Die Suche nach Dunkler Materie ist einer der zähesten Fälle der Kosmologie. In Hamburg will nun ein Forschungsteam die extrem leichten Teilchen aufspüren, aus denen sie bestehen könnte.
Magnetreihe des ALPS-Experiments im ehemaligen HERA-Tunnel
Die Wahrscheinlichkeit, dass sich ein Photon in ein Axion und wieder zurückverwandelt, ist »so groß wie ein Pasch mit 33 Würfeln«.

Trotz jahrzehntelanger Fahndung gibt es bisher noch immer kein einziges Foto oder Messergebnis, das verrät, was sich hinter der Dunklen Materie verbirgt. Dabei soll sie im Universum fünfmal so häufig vorkommen wie normale Materie. So wurde es bereits in den 1930er Jahren postuliert und seitdem durch viele weitere astronomische Beobachtungen sowie theoretische Arbeiten gestützt. Physikerinnen und Physikern mangelt es auch nicht an Ideen, worum es sich dabei handeln könnte – doch bislang fehlt jedweder Nachweis. Mit einem extrem empfindlichen Experiment will ein Forschungsteam nun nach besonders leichten Teilchen suchen, aus denen die Dunkle Materie aufgebaut sein könnte. Das Projekt »ALPS II« ist am 23. Mai offiziell am Deutschen Elektronen-Synchrotron (DESY) in Hamburg gestartet. Gesucht werden dort so genannte Axionen oder axionartige Teilchen, die sehr leicht sind und nur extrem schwach mit bekannter Materie reagieren, so dass sie in Beschleuniger-Experimenten wie denen am CERN in der Schweiz nicht gefunden werden können.

ALPS steht als Akronym für »any light particle search«, was übersetzt so viel bedeutet wie »Suche nach beliebig leichten Teilchen«. Wegen des Versuchsaufbaus nennen die Forschenden das Projekt auch »Licht-durch-die-Wand-Experiment«. In der vorderen Hälfte der 250 Meter langen »ALPS«-Anlage sollen Lichtteilchen (Photonen) mit Hilfe von Spiegeln in einem Magnetfeld gehalten werden. Der hintere Bereich ist durch eine lichtdichte Wand abgetrennt. Ein Detektor soll anzeigen, wenn dort doch ein Photon auftauchen sollte. Der Nachweis eines solchen Lichtteilchens hinter der lichtdichten Wand würde nach Annahme der Forscher die Existenz von Axionen belegen. Denn nur durch die zeitweise Umwandlung in so ein ultraleichtes Teilchen könne ein Photon die Wand durchdringen.

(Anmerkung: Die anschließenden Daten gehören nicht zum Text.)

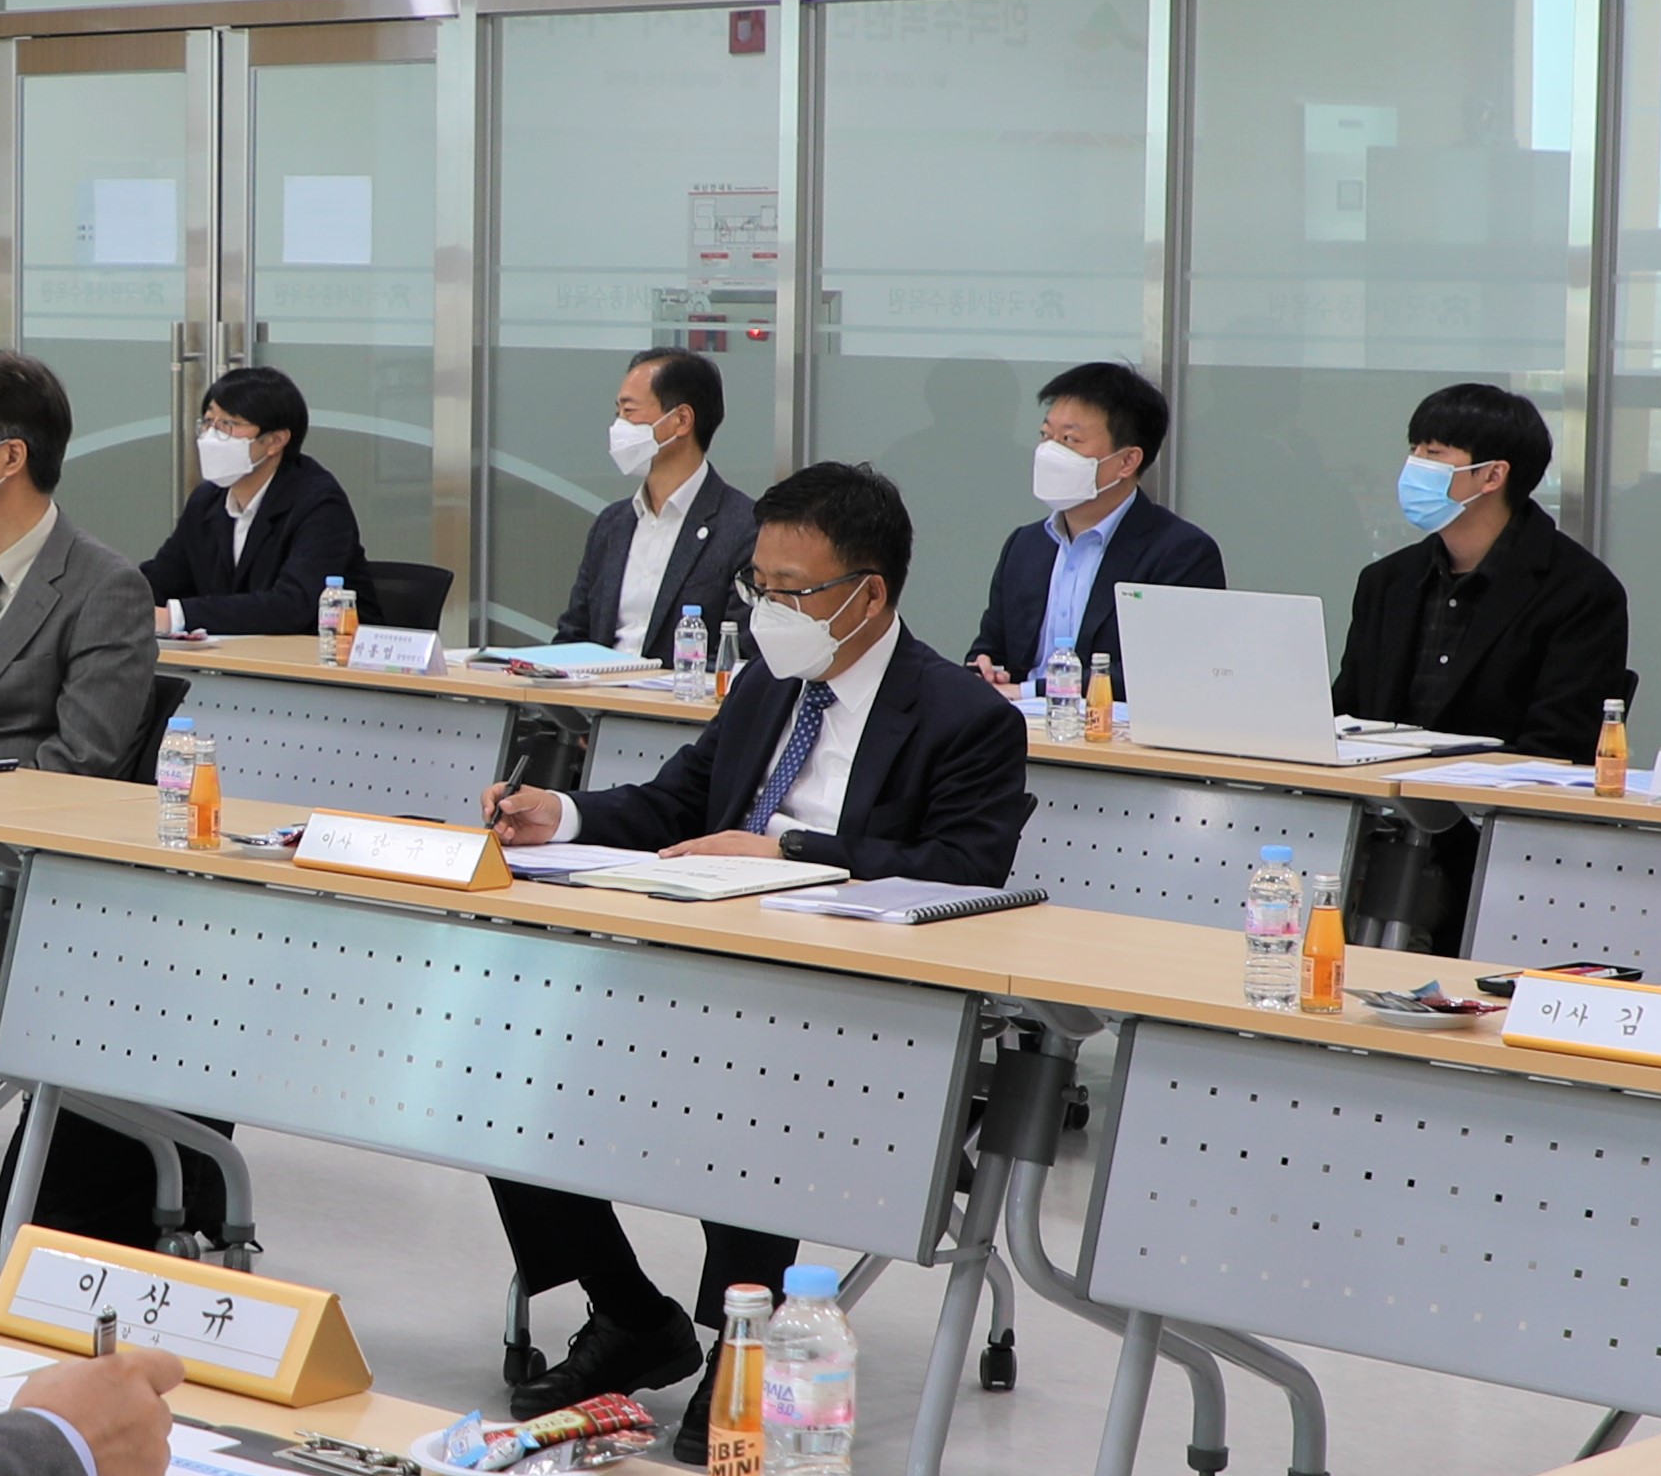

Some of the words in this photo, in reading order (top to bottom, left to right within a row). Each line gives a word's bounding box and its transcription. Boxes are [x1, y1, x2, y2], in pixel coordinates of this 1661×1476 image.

[321, 829, 352, 850] 이사
[1540, 999, 1589, 1027] 이사
[78, 1267, 235, 1341] 이상규
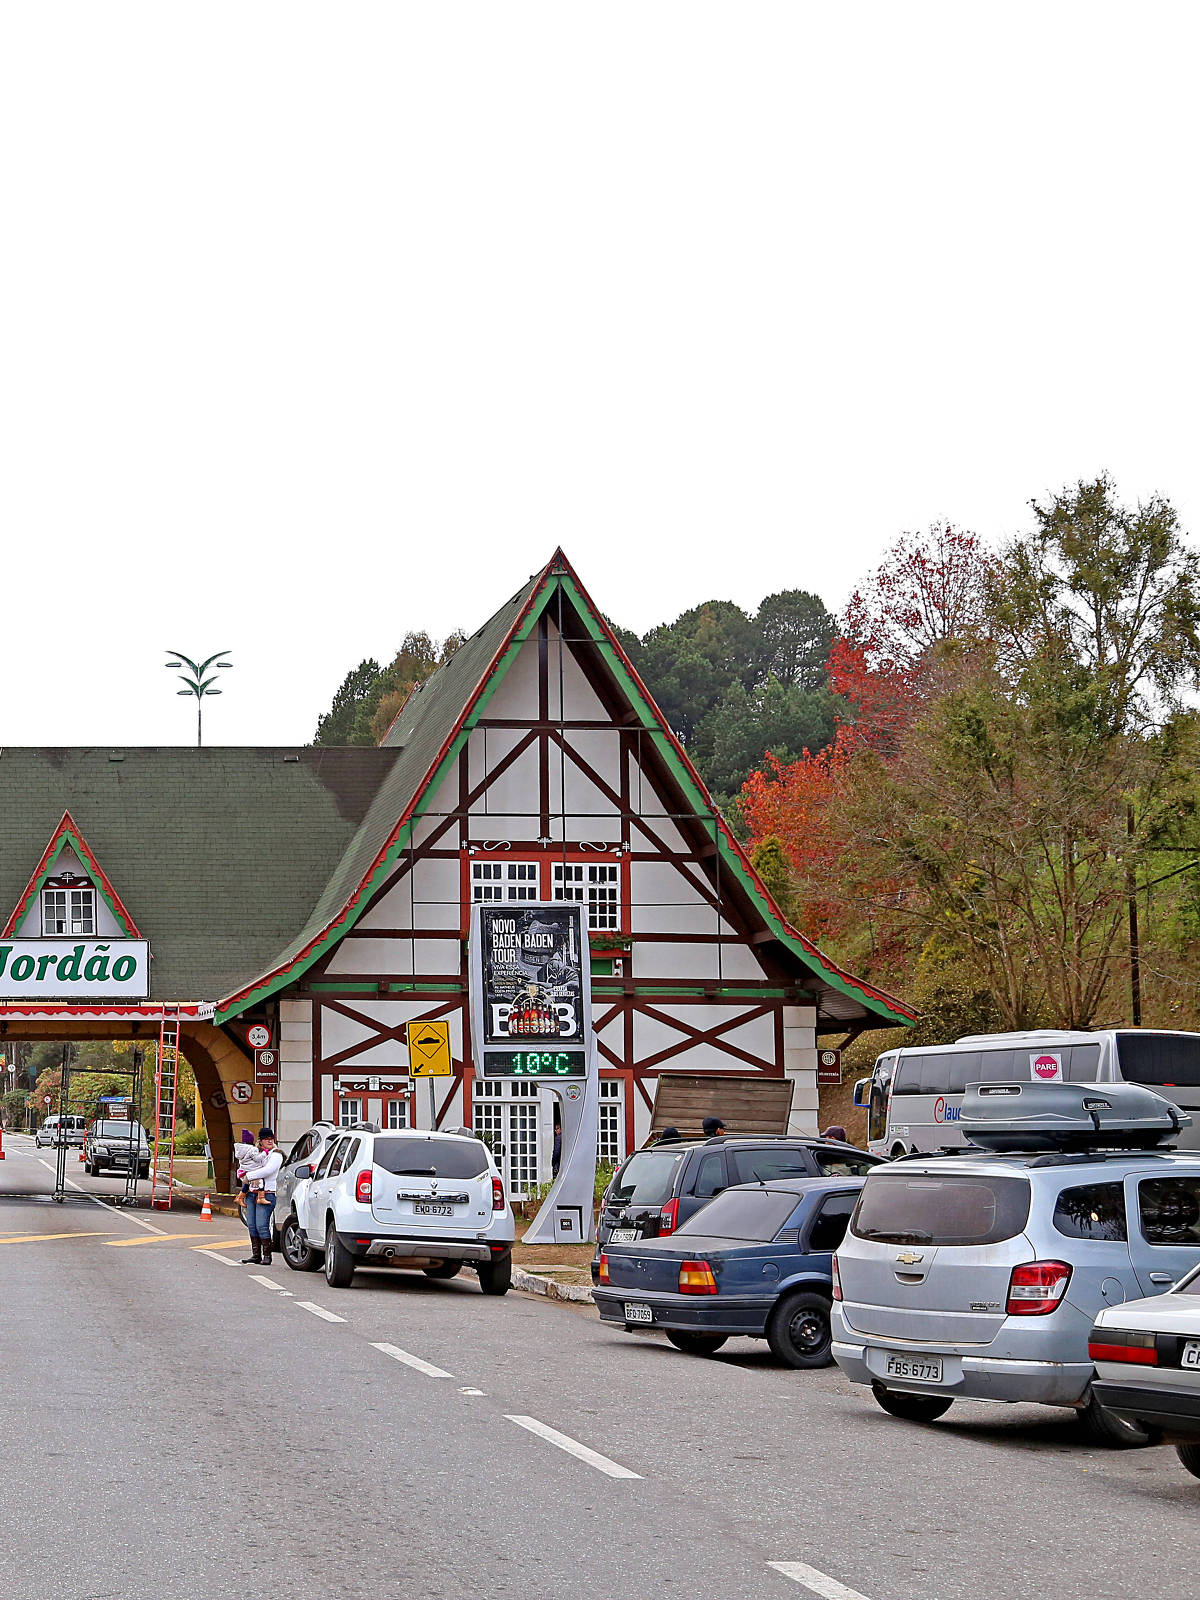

»Die Wahrscheinlichkeit, dass sich ein Photon in ein Axion und wieder zurückverwandelt, ist allerdings trotz all unserer Techniktricks sehr klein – vergleichbar damit, dass man gleichzeitig mit 33 Würfeln einen Pasch wirft«, sagte Axel Lindner, Projektleiter und Sprecher der internationalen »ALPS«-Kollaboration gegenüber der Deutschen Presseagentur.

Die in zehn Jahren Bauzeit entstandene Anlage bietet eine Reihe von Superlativen: Der Lichtdetektor sei so empfindlich, dass er ein einzelnes Lichtteilchen pro Tag nachweisen könne, hieß es von Seiten des DESY. Auch die Präzision des Spiegelsystems für das Licht sei rekordverdächtig: »Der Spiegelabstand darf relativ zur Wellenlänge des Laserlichts höchstens um den Bruchteil eines Atomdurchmessers variieren.« Für das Experiment werden 24 große, supraleitende Magnete auf minus 269 Grad gekühlt.

Das »Licht-durch-die-Wand-Experiment« wurde in einem geraden Tunnelabschnitt des 2007 stillgelegten Teilchenbeschleunigers Hadron-Elektron-Ring-Anlage (HERA) eingerichtet, dem einst größten Beschleunigerring Deutschlands. Auch die supraleitenden Magnete sind keine Neuanfertigung. Sie hielten einst die Protonen für die Kollisionsexperimente auf ihrer Bahn.